DIRECTIONS FOR THIS TASK
Every record is to be duplicated exactly as it reads, without its images.

(Dataset entries)

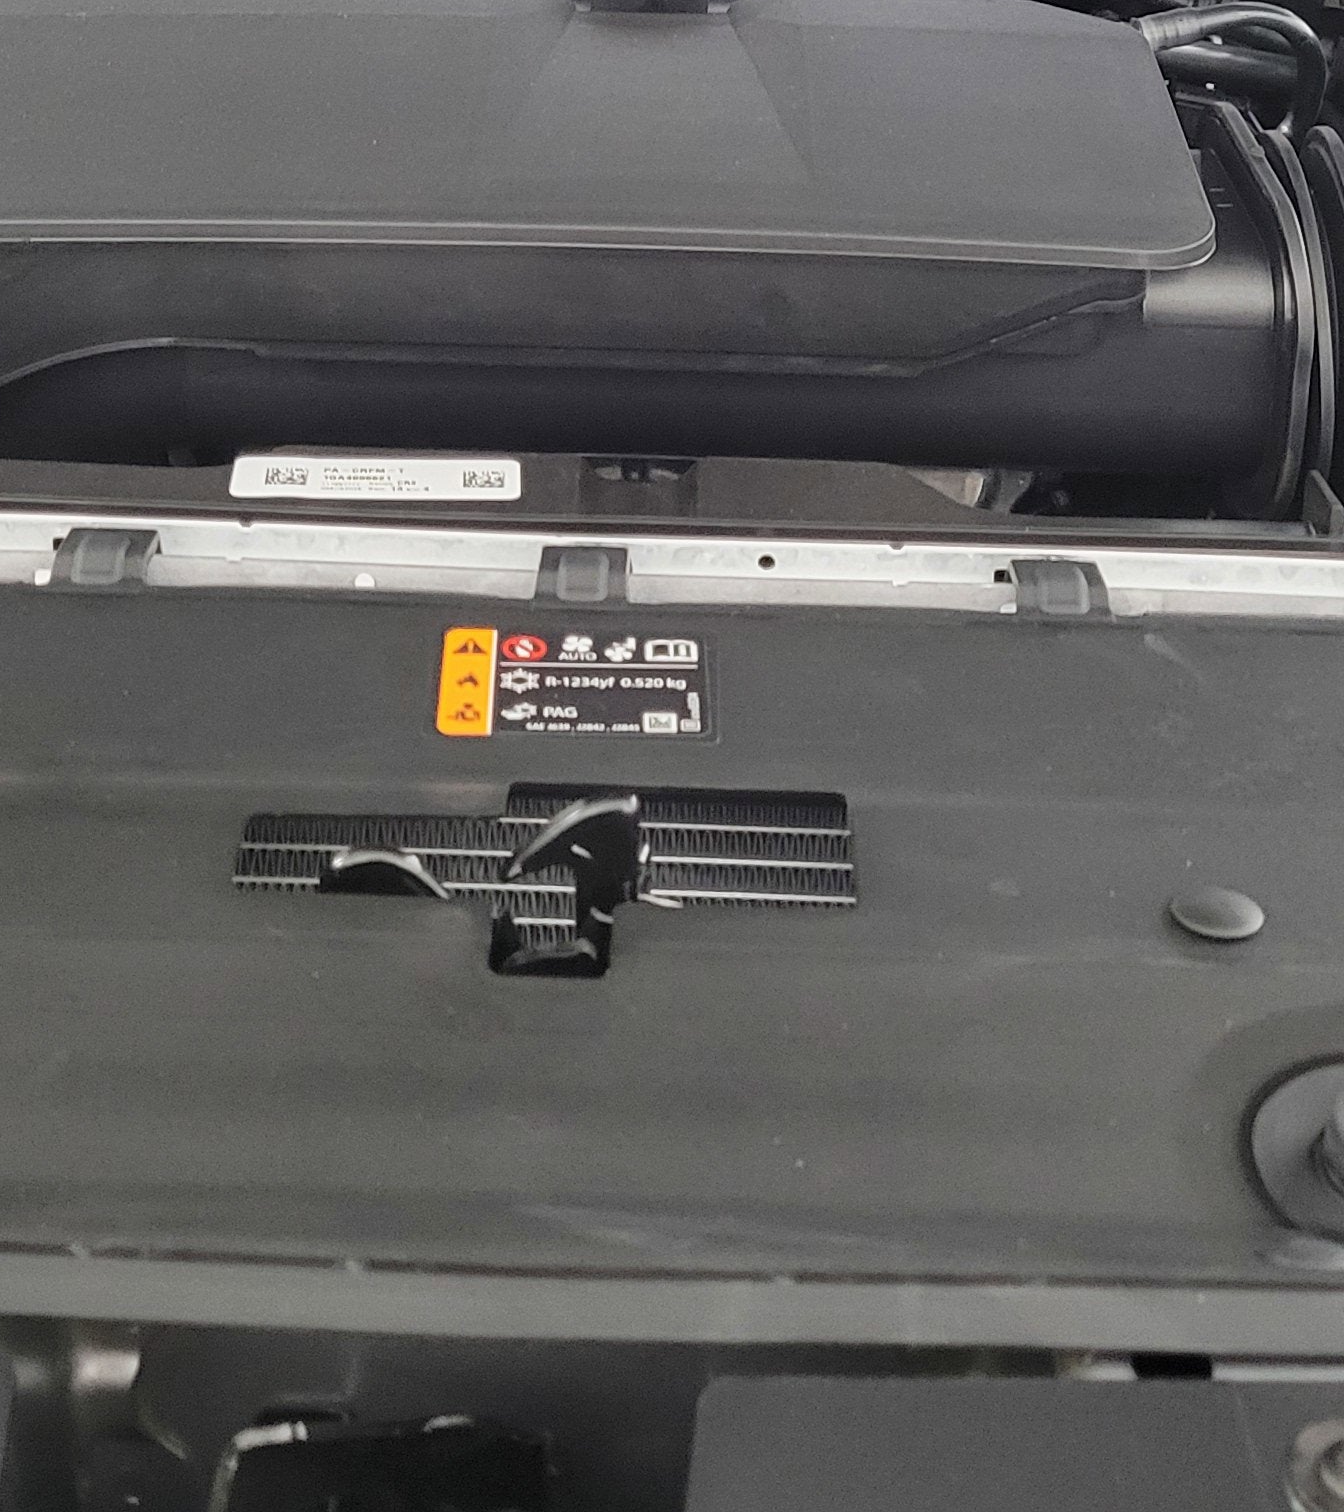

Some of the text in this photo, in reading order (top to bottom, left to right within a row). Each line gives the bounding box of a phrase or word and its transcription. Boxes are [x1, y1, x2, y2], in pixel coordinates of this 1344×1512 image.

[558, 651, 598, 661] AUTO
[544, 676, 687, 691] R-1234yf 0.520 kg
[542, 706, 578, 719] PAG
[525, 722, 546, 732] SAE
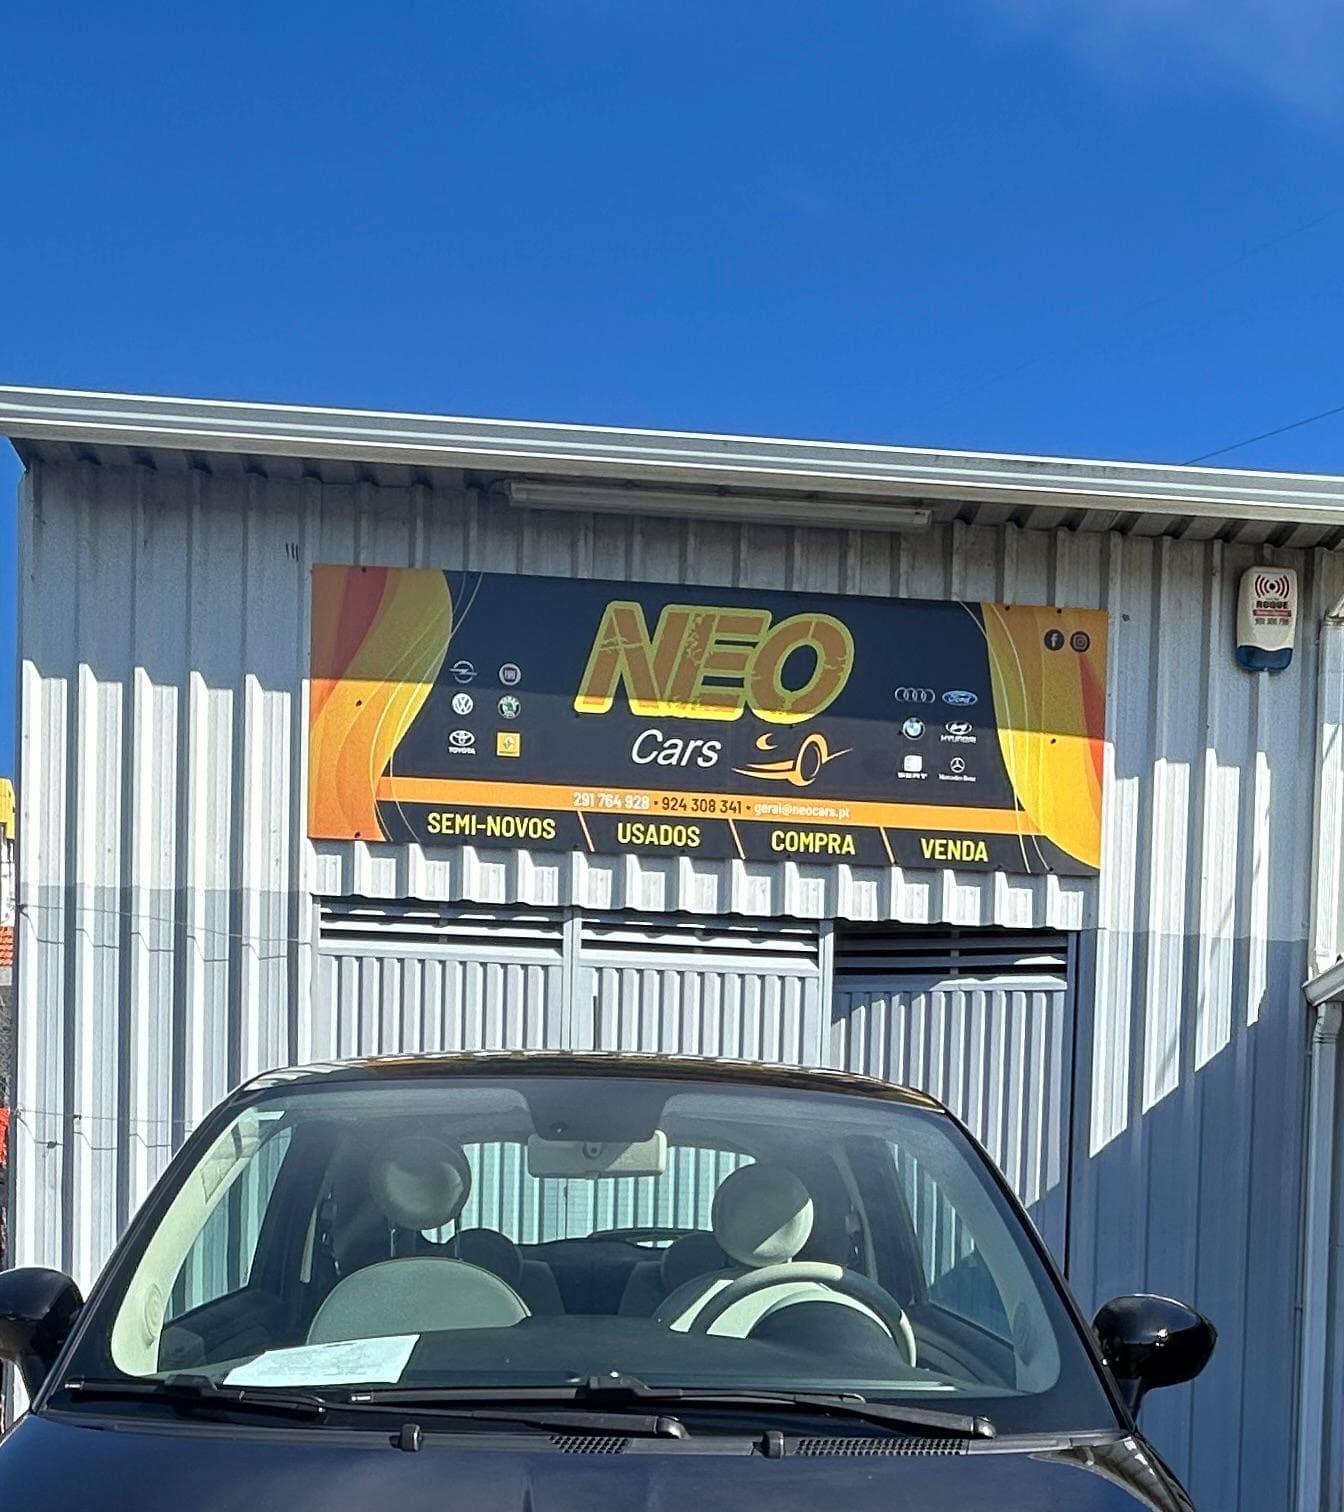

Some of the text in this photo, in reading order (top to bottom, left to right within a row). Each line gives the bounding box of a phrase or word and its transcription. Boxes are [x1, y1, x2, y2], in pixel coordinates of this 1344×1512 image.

[574, 601, 854, 724] NEO
[631, 729, 722, 767] Cars
[573, 791, 849, 819] 291 764 928 924 308 341 geral@neocars.pt
[427, 813, 556, 840] SEMI-NOVOS
[617, 823, 701, 847] USADOS
[771, 830, 856, 855] COMPRA
[921, 838, 989, 862] VENDA

TASK RESULT
Some of the text in this photo, in reading order (top to bottom, left to right within a row). Each line gives the bounding box of a phrase or word and its transcription. Boxes are [x1, y1, x2, y2], in pixel coordinates of this 1344×1512 image.

[558, 651, 598, 661] AUTO
[544, 676, 687, 691] R-1234yf 0.520 kg
[542, 706, 578, 719] PAG
[525, 722, 546, 732] SAE

Some of the text in this photo, in reading order (top to bottom, left to right within a row). Each line gives the bounding box of a phrase or word and its transcription. Boxes are [x1, y1, x2, y2], in pixel coordinates of this 1344×1512 image.

[574, 601, 854, 724] NEO
[631, 729, 722, 767] Cars
[573, 791, 849, 819] 291 764 928 924 308 341 geral@neocars.pt
[427, 813, 556, 840] SEMI-NOVOS
[617, 823, 701, 847] USADOS
[771, 830, 856, 855] COMPRA
[921, 838, 989, 862] VENDA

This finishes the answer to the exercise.